Custom analyzer and phrase search

I have some encrypted text and I need to search on it. Every character in a word consists of 3 sets of 3 characters, and some random 3 characters in between. Example:
Character "O" contains of [*A1B*C1E*D5X]
Character "K" contains of [*Bx2*Ik8*CC9*]

Word "OK" looks like *A1B*C1E*D5X*Bx2*Ik8*CC9*, and * represents any other characters, so actually word "OK" can look like:

  • XA2A1BC5lC1Eah7D5Xx11Bx2jkiIk820bCC91ht
  • S2yA1BvkqC1Eou6D5X908Bx2mh3Ik8jutCC9asx

I'm struggling how to create optimum analyzer (except tokenizing N by N, let's say 3 characters are good, followed by 3 random ones, followed by 3 good, etc.). What I would like to do is search for: A1BC1ED5XBx2Ik8CC9 (they need to be in that same order) and get back the results.

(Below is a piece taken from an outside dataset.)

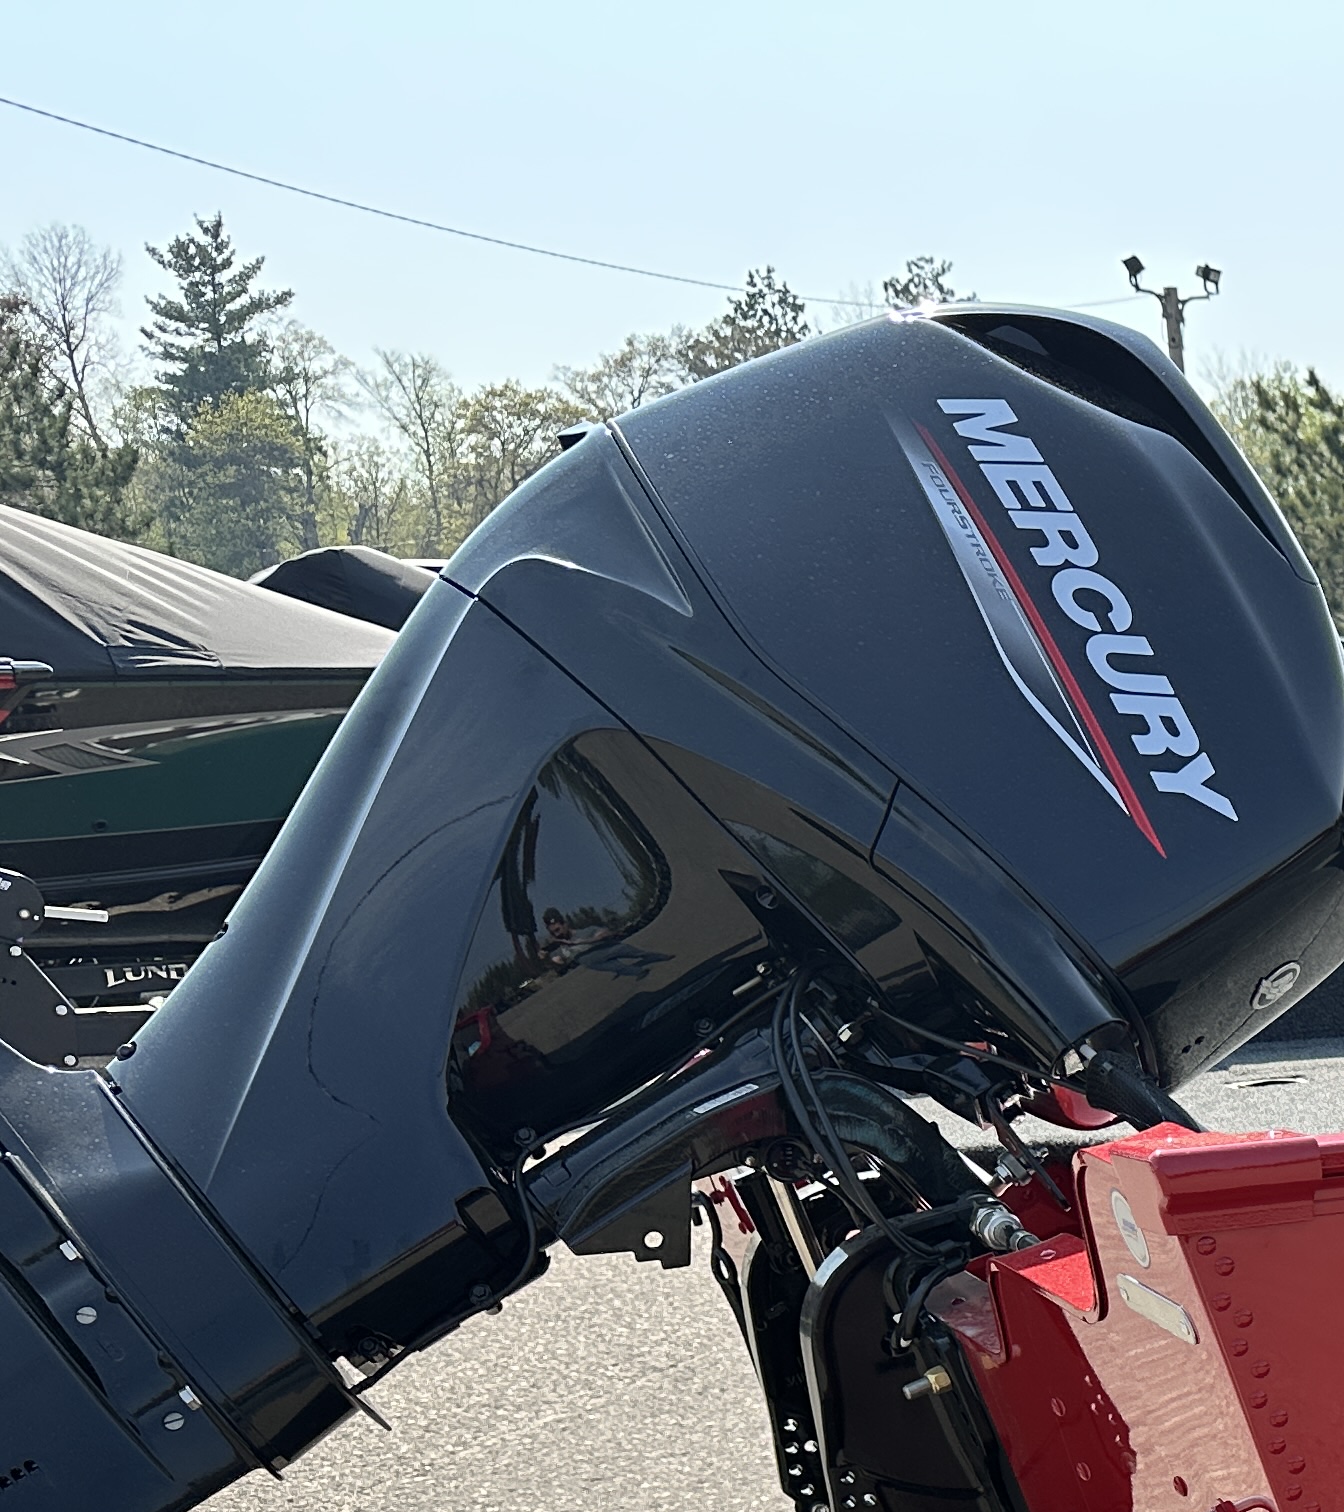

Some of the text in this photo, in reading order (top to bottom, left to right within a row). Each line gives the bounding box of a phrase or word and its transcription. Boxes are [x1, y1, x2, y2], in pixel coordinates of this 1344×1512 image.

[920, 460, 1014, 602] FOURSTROKE
[936, 397, 1239, 822] MERCURY
[103, 962, 190, 989] LUND

Tried ngram (min and max 3), and also something like this:

"analysis": {
      "tokenizer": {
        "sequence_tokenizer": {
          "type": "pattern",
          "pattern": "(?<=\\G.{3})",
          "group": -1
        }
      }

and regexp, but regex is quite slow of course. Any hints/ideas?

Hi @nestor1

I don't know if you had a solution, but if the search term is not encrypted, you can try indexing with the analyzer using regex and in the search using other analyzer ngram to get token size 3.
This way, at search time you do not use the regex analyzer. Check whether the performance is acceptable.